Image-backed grounding data

▽

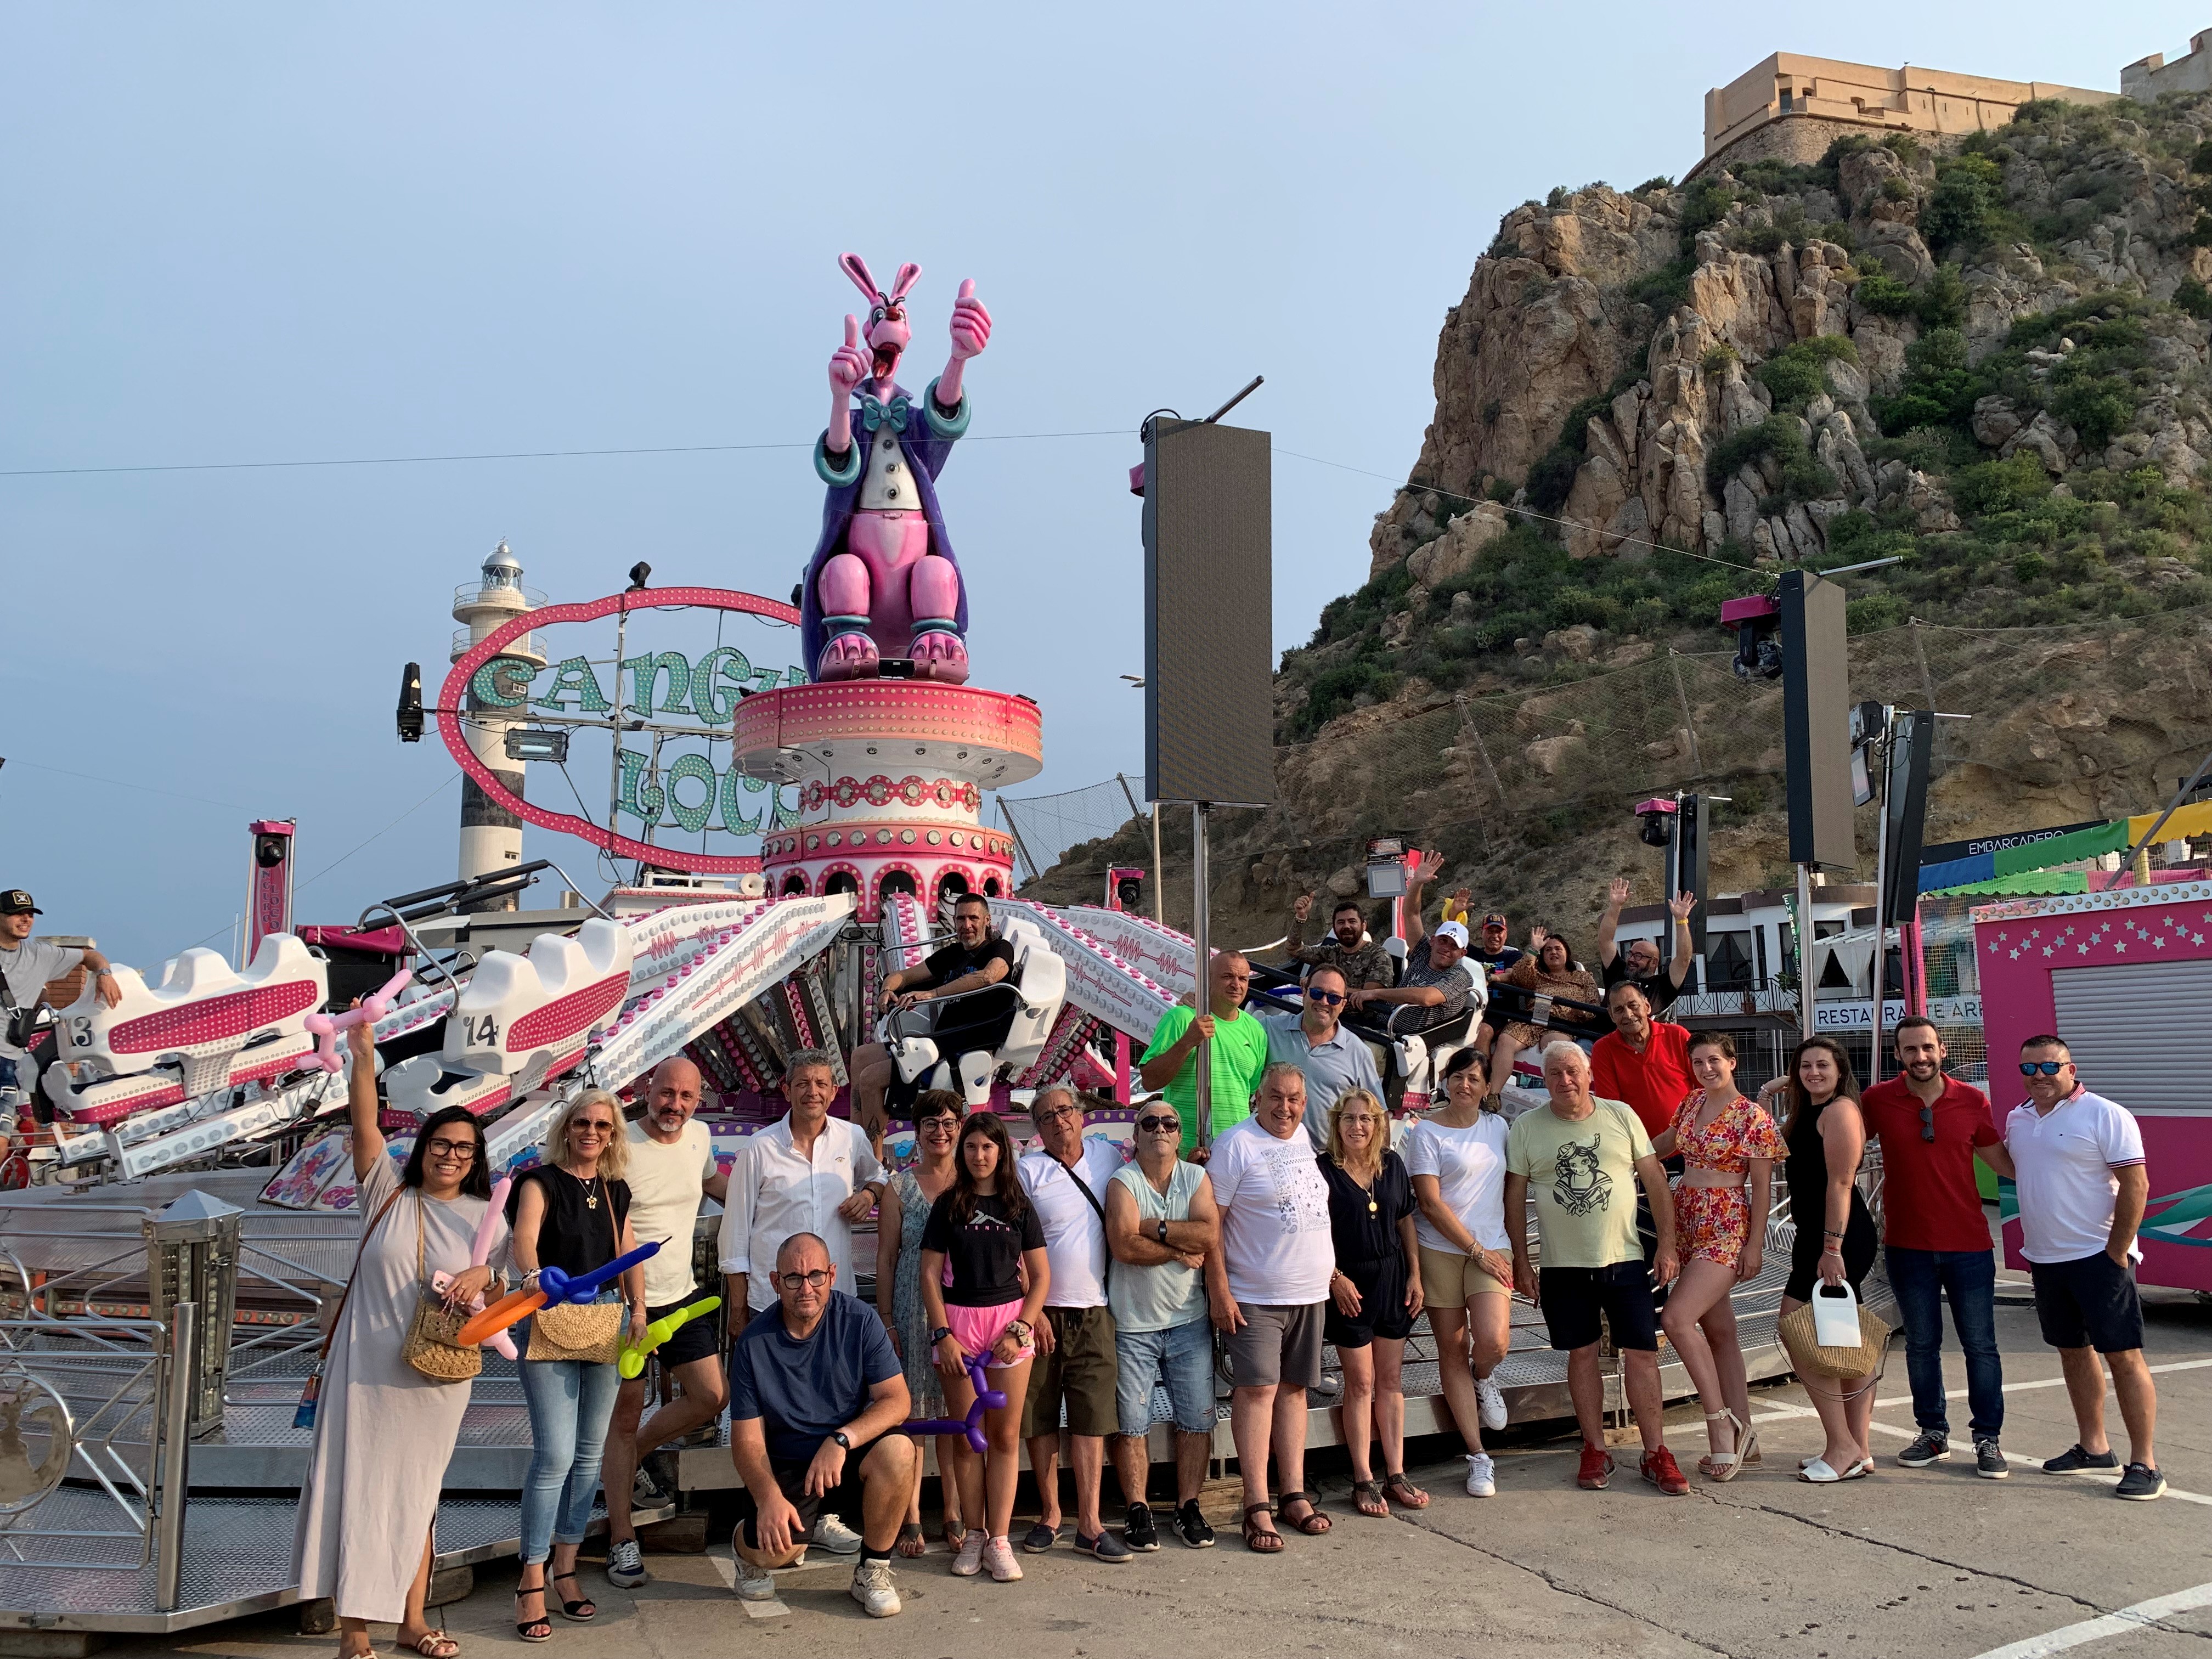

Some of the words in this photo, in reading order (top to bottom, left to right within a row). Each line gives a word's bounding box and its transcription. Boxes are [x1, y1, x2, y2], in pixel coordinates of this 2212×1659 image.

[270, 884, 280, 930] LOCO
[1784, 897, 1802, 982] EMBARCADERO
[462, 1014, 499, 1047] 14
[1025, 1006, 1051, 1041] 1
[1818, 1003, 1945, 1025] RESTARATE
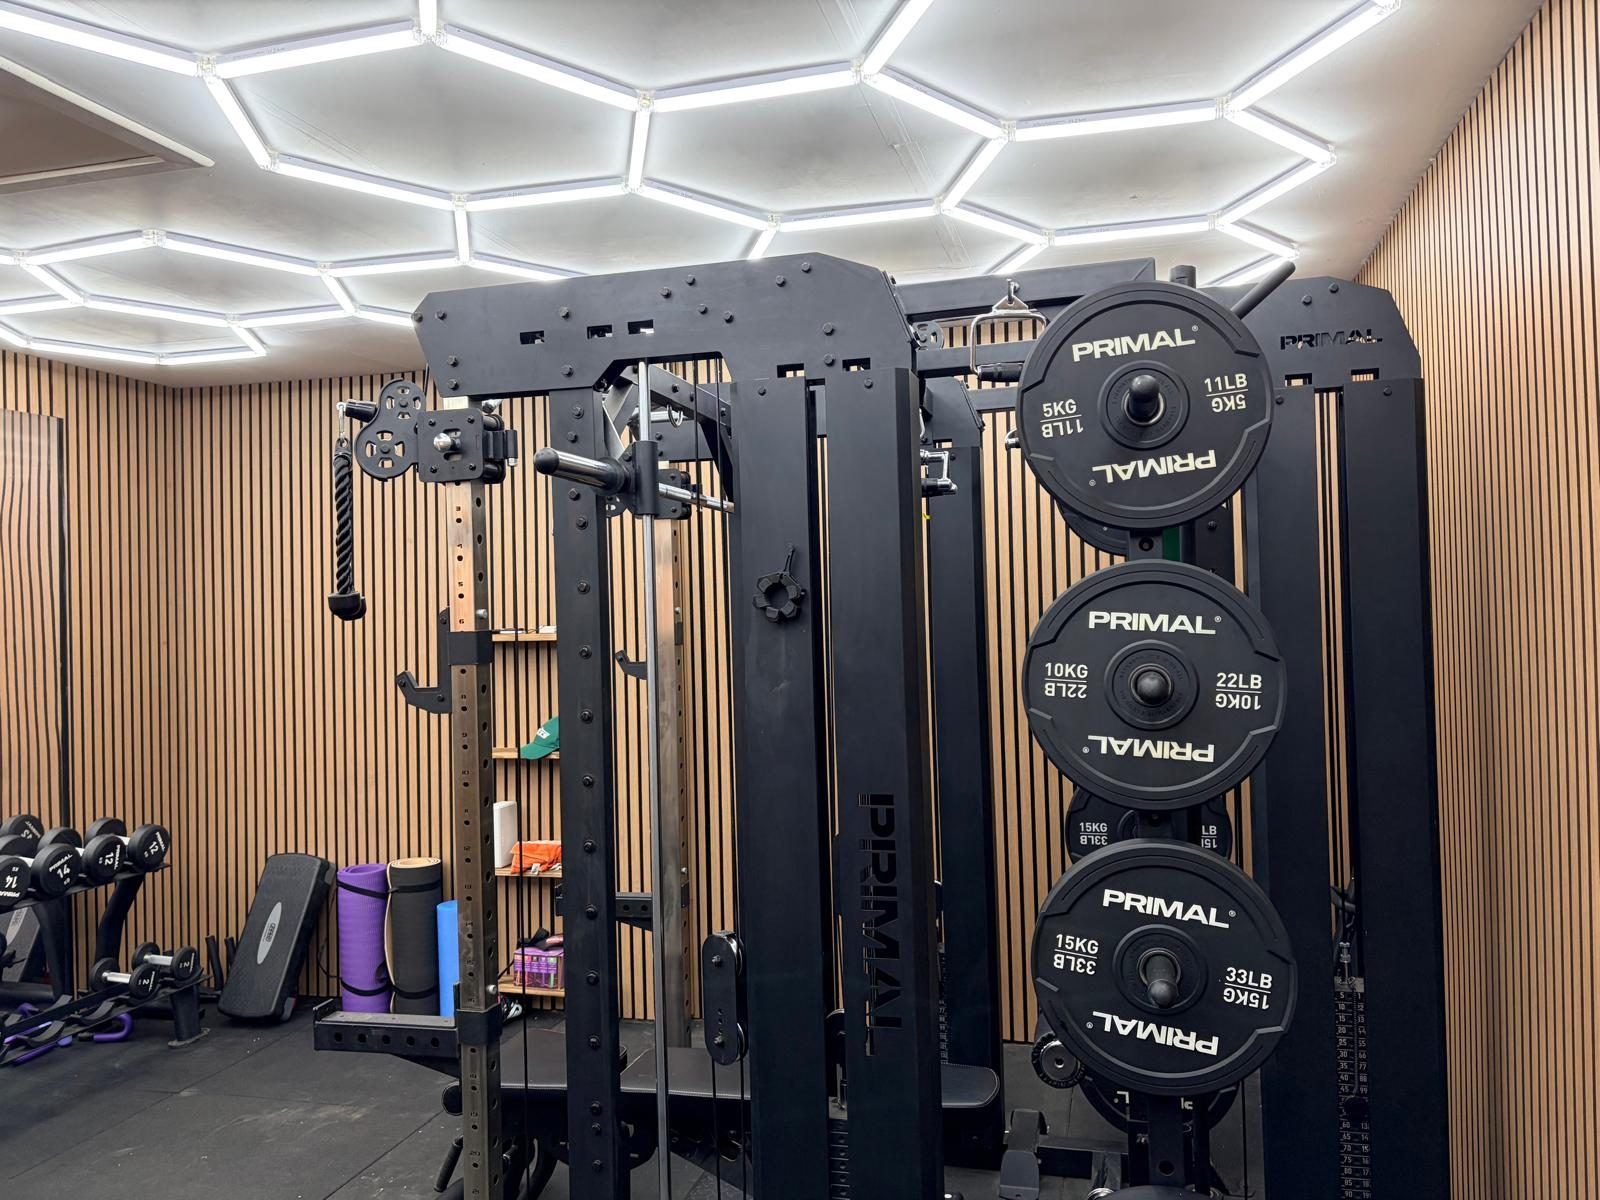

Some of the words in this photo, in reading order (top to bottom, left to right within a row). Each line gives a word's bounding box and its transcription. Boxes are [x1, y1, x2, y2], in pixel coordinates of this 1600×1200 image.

△

**HOW TO COMPLETE THIS TASK**
Restate the data above word for word, omitting every picture.

**WRITTEN REPLY**
Some of the words in this photo, in reading order (top to bottom, left to right within a row). Each line gives a word's bounding box and its transcription. Boxes are [x1, y1, x2, y2], in pixel coordinates of this 2212×1659 image.

[270, 884, 280, 930] LOCO
[1784, 897, 1802, 982] EMBARCADERO
[462, 1014, 499, 1047] 14
[1025, 1006, 1051, 1041] 1
[1818, 1003, 1945, 1025] RESTARATE

Some of the words in this photo, in reading order (top to bottom, left to right within a row). Each line gives a word's bounding box and its transcription. Boxes are [x1, y1, x2, y2], in pixel coordinates of this 1600×1200 image.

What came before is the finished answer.